_PROBLEM DETAILS_: Each line of the records that follow must come back exactly, with pictures skipped.

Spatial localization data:
- Opening Delimiter -

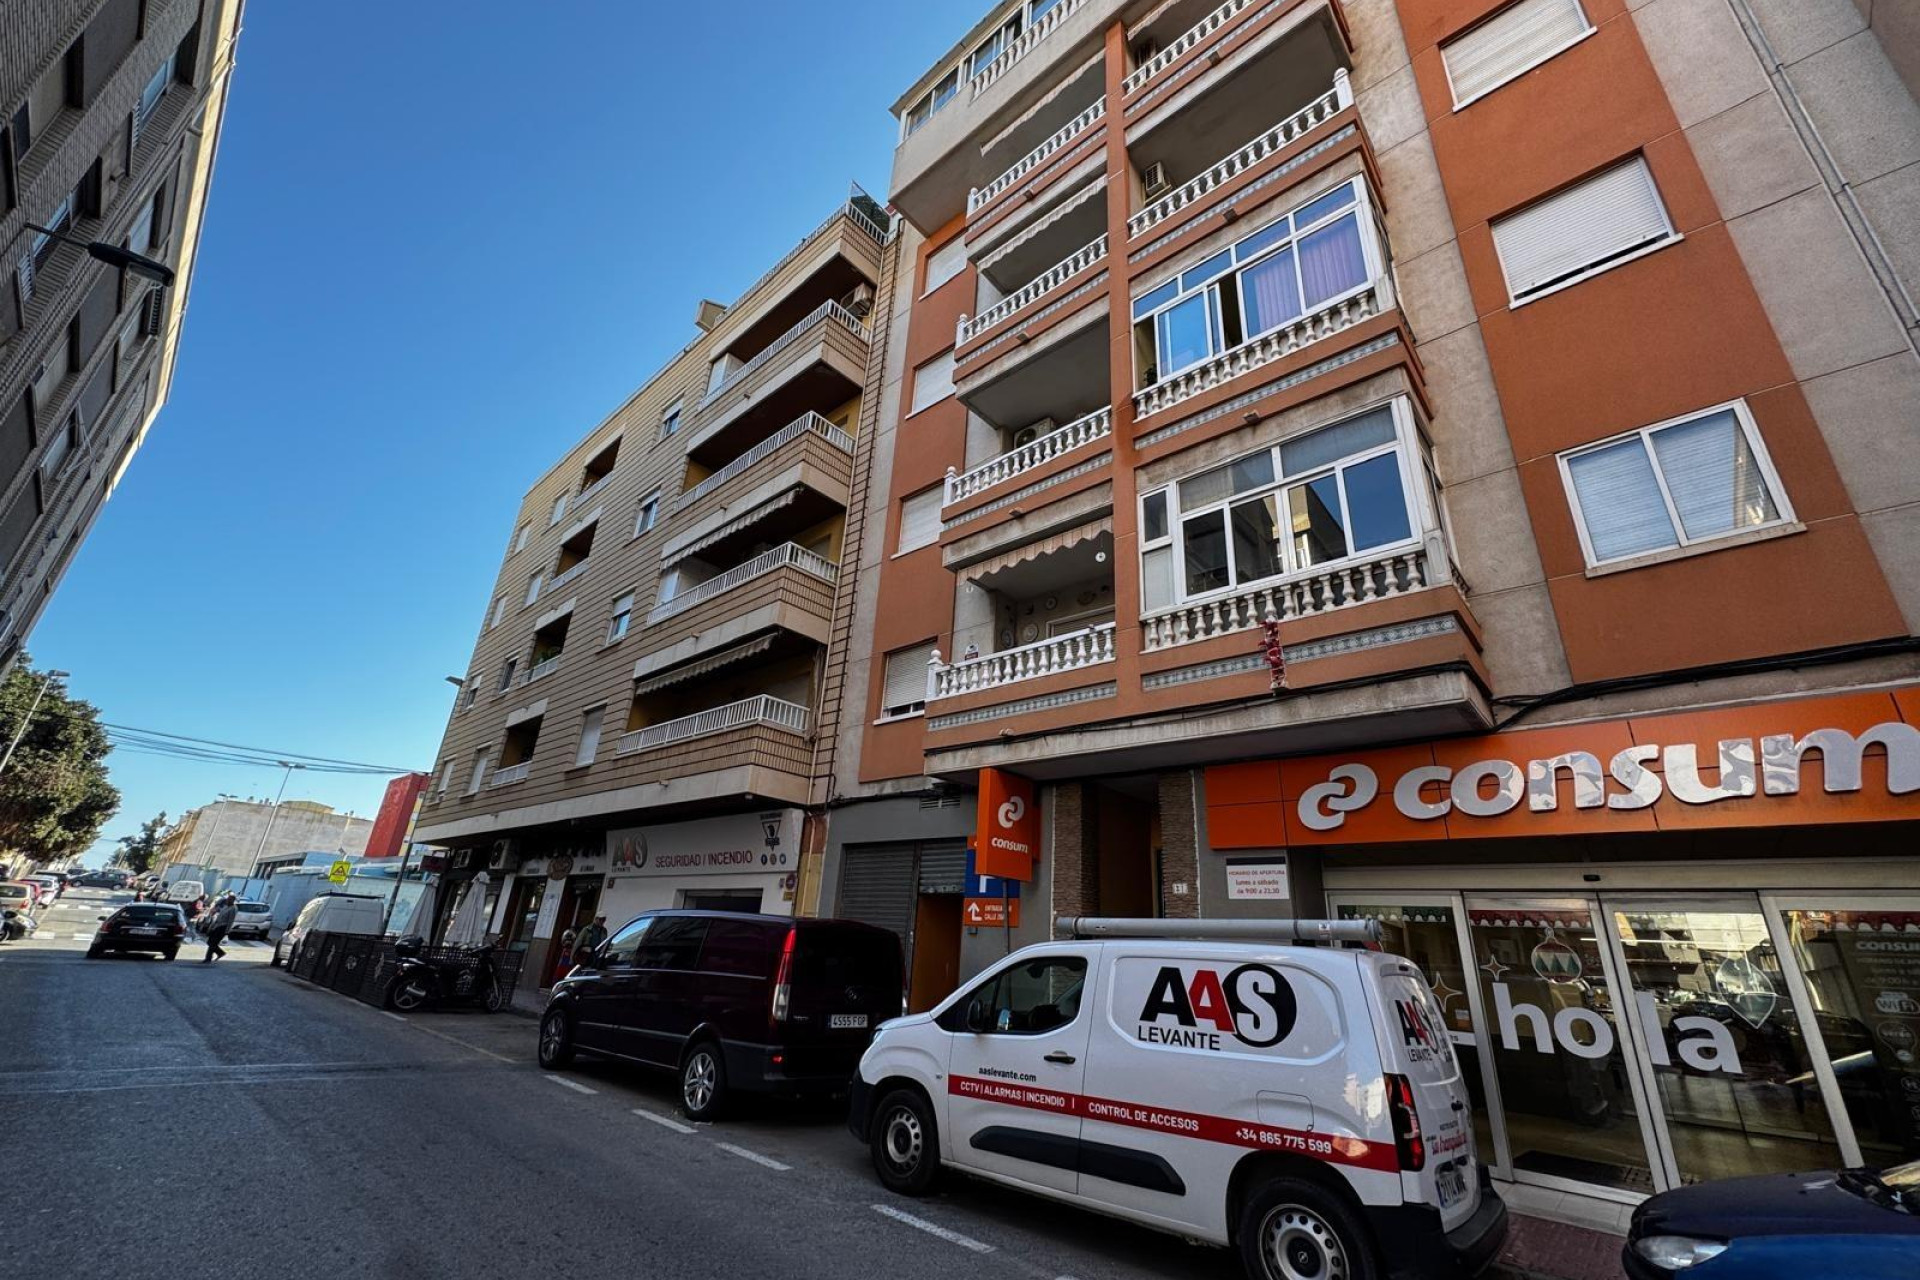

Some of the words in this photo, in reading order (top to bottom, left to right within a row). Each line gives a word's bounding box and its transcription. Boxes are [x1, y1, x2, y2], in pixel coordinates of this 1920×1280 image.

[1393, 722, 1920, 819] consum
[612, 832, 648, 868] AAS
[655, 854, 701, 869] SEGURIDAD
[708, 850, 753, 865] INCENDIO
[991, 837, 1028, 854] consum
[1139, 963, 1297, 1048] AAS
[1138, 1025, 1221, 1050] LEVANTE
[978, 1066, 1037, 1082] aaslevante.com
[960, 1081, 980, 1094] CCTV
[984, 1085, 1022, 1101] ALARMAS
[1026, 1091, 1066, 1108] INCENDIO
[1088, 1102, 1133, 1120] CONTROL
[1134, 1110, 1148, 1122] DE
[1150, 1113, 1200, 1131] ACCESOS
[1235, 1127, 1257, 1141] +34
[1259, 1131, 1282, 1145] 865
[1283, 1134, 1307, 1149] 775
[1307, 1138, 1332, 1154] 599
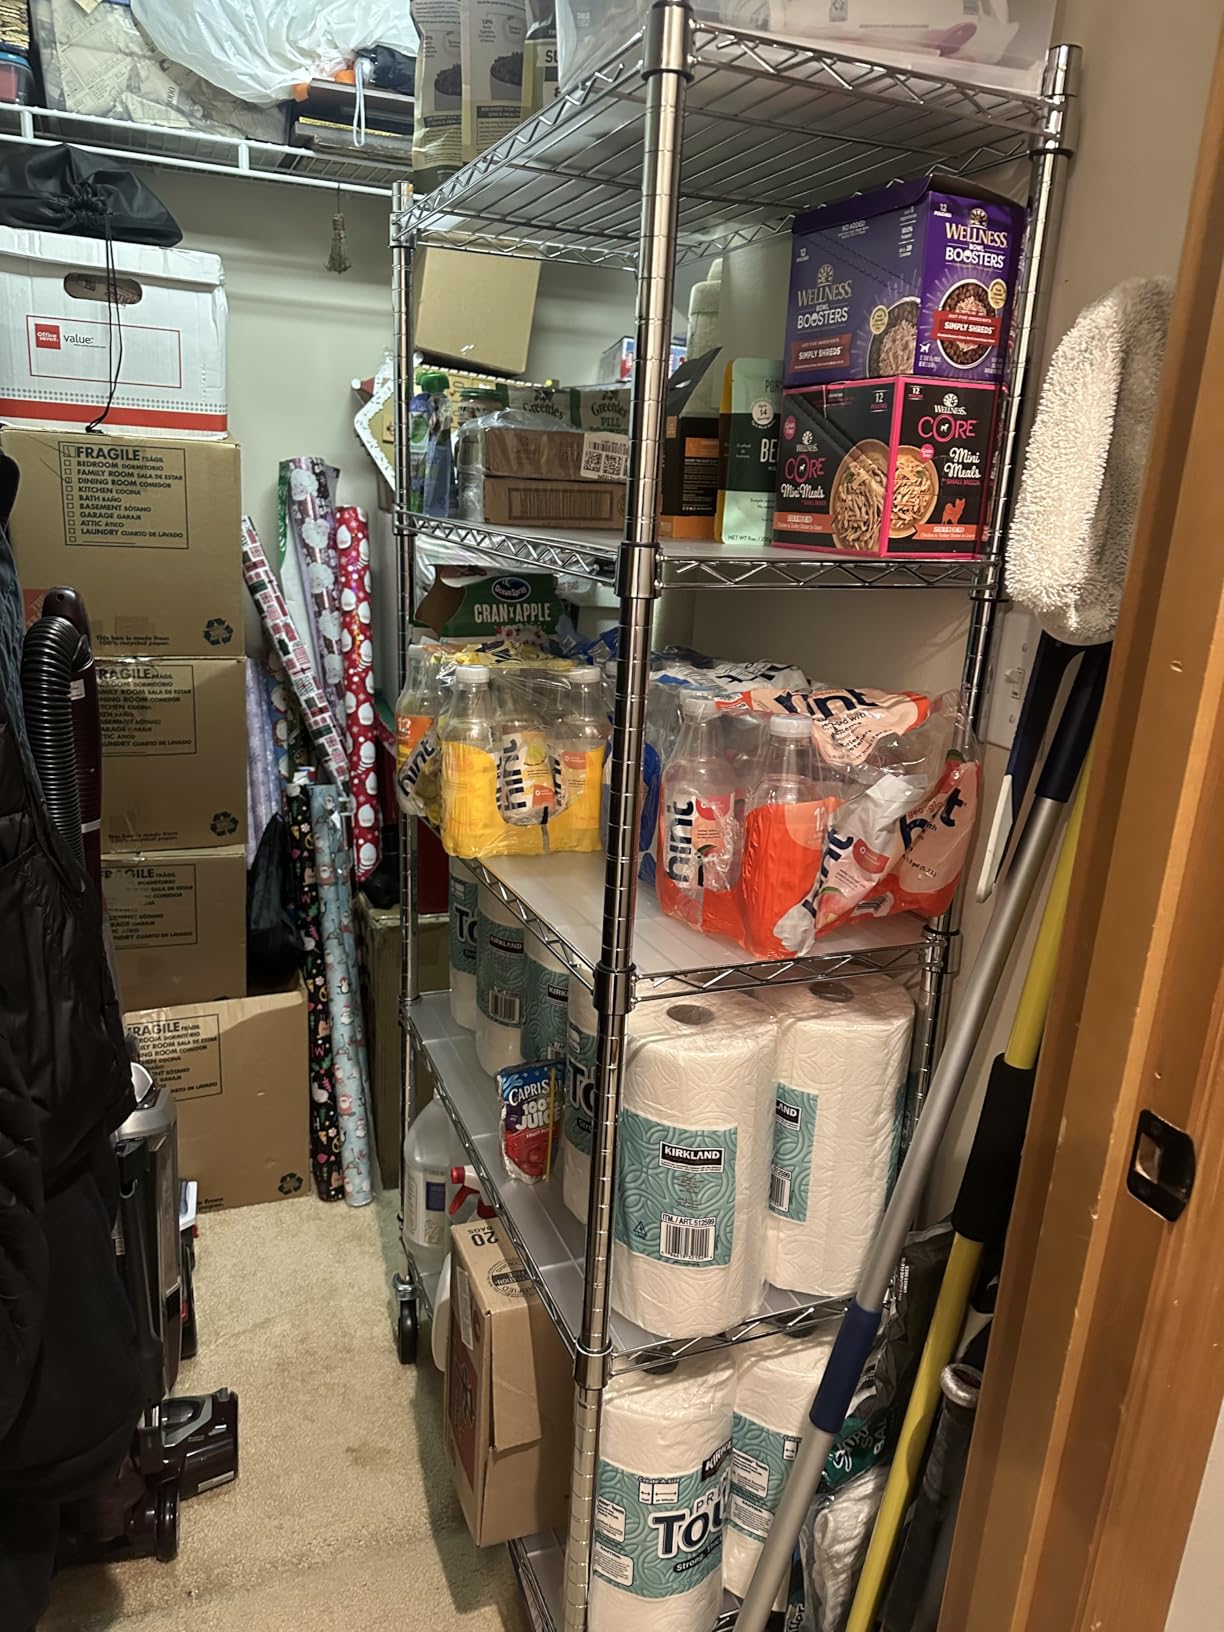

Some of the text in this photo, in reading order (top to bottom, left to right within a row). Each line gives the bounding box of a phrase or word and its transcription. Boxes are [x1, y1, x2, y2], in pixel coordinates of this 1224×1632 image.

[945, 222, 1008, 248] WELLNESS
[945, 247, 1005, 268] BOOSTERS
[798, 280, 852, 307] WELLNESS
[798, 307, 848, 328] BOOSTERS
[875, 392, 884, 403] 12
[934, 405, 967, 415] WELLNESS
[918, 414, 977, 443] CORE
[77, 446, 140, 461] FRAGILE
[949, 447, 980, 463] Mini
[77, 460, 118, 469] BEDROOM
[785, 453, 826, 483] CORE
[944, 462, 982, 479] Meals
[77, 469, 106, 477] FAMILY
[108, 470, 134, 478] ROOM
[78, 477, 109, 486] DINING
[111, 479, 137, 487] ROOM
[79, 486, 113, 494] KITCHEN
[781, 483, 825, 498] Mini Meals
[79, 494, 100, 502] BATH
[80, 503, 122, 511] BASEMENT
[80, 511, 114, 519] GARAGE
[81, 528, 119, 536] LAUNDRY
[474, 603, 508, 623] CRAN
[515, 602, 551, 622] APPLE
[98, 668, 152, 679] RAGILE
[490, 935, 522, 950] KIRKLAND
[128, 1022, 180, 1036] RAGILE
[664, 1146, 720, 1159] KIRKLAND
[468, 1226, 493, 1234] BAGS
[471, 1231, 499, 1247] 20
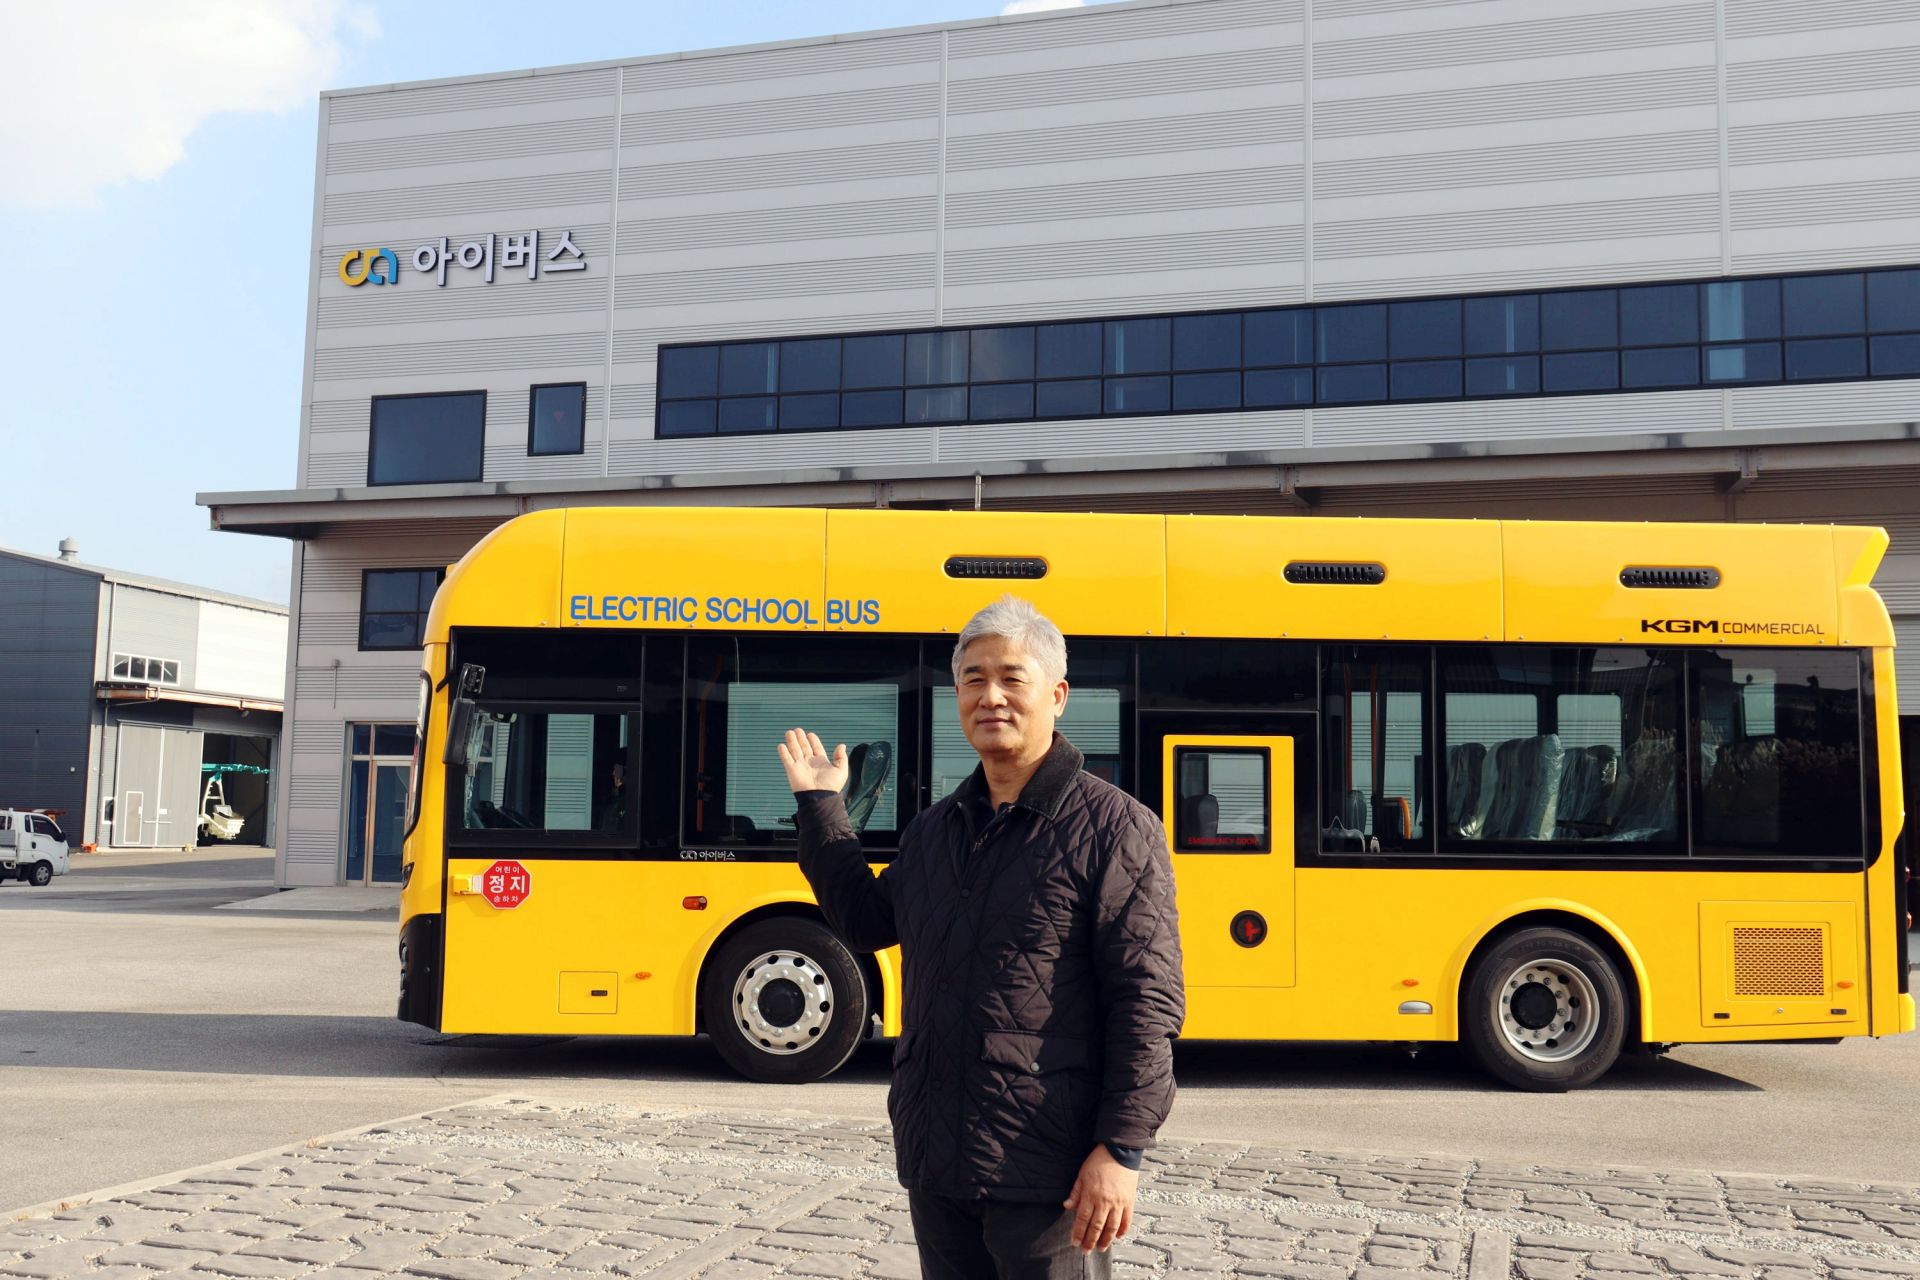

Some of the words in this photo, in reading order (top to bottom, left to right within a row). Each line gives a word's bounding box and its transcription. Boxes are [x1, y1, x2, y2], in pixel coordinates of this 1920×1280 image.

[412, 229, 586, 286] 아이버스
[570, 595, 698, 622] ELECTRIC
[705, 597, 818, 625] SCHOOL
[826, 599, 881, 625] BUS
[1641, 619, 1719, 634] KGM
[1722, 622, 1825, 635] COMMERCIAL
[698, 850, 736, 861] 아이버스
[495, 866, 520, 874] 어린이
[489, 874, 526, 894] 정지

- Closing Delimiter -

_SOLVED PROBLEM_:
Some of the words in this photo, in reading order (top to bottom, left to right within a row). Each line gives a word's bounding box and its transcription. Boxes are [x1, y1, x2, y2], in pixel coordinates of this 1920×1280 image.

[1393, 722, 1920, 819] consum
[612, 832, 648, 868] AAS
[655, 854, 701, 869] SEGURIDAD
[708, 850, 753, 865] INCENDIO
[991, 837, 1028, 854] consum
[1139, 963, 1297, 1048] AAS
[1138, 1025, 1221, 1050] LEVANTE
[978, 1066, 1037, 1082] aaslevante.com
[960, 1081, 980, 1094] CCTV
[984, 1085, 1022, 1101] ALARMAS
[1026, 1091, 1066, 1108] INCENDIO
[1088, 1102, 1133, 1120] CONTROL
[1134, 1110, 1148, 1122] DE
[1150, 1113, 1200, 1131] ACCESOS
[1235, 1127, 1257, 1141] +34
[1259, 1131, 1282, 1145] 865
[1283, 1134, 1307, 1149] 775
[1307, 1138, 1332, 1154] 599

Some of the text in this photo, in reading order (top to bottom, left to right within a row). Each line gives the bounding box of a phrase or word and its transcription. Boxes are [x1, y1, x2, y2], in pixel coordinates of this 1224×1632 image.

[945, 222, 1008, 248] WELLNESS
[945, 247, 1005, 268] BOOSTERS
[798, 280, 852, 307] WELLNESS
[798, 307, 848, 328] BOOSTERS
[875, 392, 884, 403] 12
[934, 405, 967, 415] WELLNESS
[918, 414, 977, 443] CORE
[77, 446, 140, 461] FRAGILE
[949, 447, 980, 463] Mini
[77, 460, 118, 469] BEDROOM
[785, 453, 826, 483] CORE
[944, 462, 982, 479] Meals
[77, 469, 106, 477] FAMILY
[108, 470, 134, 478] ROOM
[78, 477, 109, 486] DINING
[111, 479, 137, 487] ROOM
[79, 486, 113, 494] KITCHEN
[781, 483, 825, 498] Mini Meals
[79, 494, 100, 502] BATH
[80, 503, 122, 511] BASEMENT
[80, 511, 114, 519] GARAGE
[81, 528, 119, 536] LAUNDRY
[474, 603, 508, 623] CRAN
[515, 602, 551, 622] APPLE
[98, 668, 152, 679] RAGILE
[490, 935, 522, 950] KIRKLAND
[128, 1022, 180, 1036] RAGILE
[664, 1146, 720, 1159] KIRKLAND
[468, 1226, 493, 1234] BAGS
[471, 1231, 499, 1247] 20

Some of the words in this photo, in reading order (top to bottom, left to right within a row). Each line gives a word's bounding box and its transcription. Boxes are [x1, y1, x2, y2], in pixel coordinates of this 1920×1280 image.

[412, 229, 586, 286] 아이버스
[570, 595, 698, 622] ELECTRIC
[705, 597, 818, 625] SCHOOL
[826, 599, 881, 625] BUS
[1641, 619, 1719, 634] KGM
[1722, 622, 1825, 635] COMMERCIAL
[698, 850, 736, 861] 아이버스
[495, 866, 520, 874] 어린이
[489, 874, 526, 894] 정지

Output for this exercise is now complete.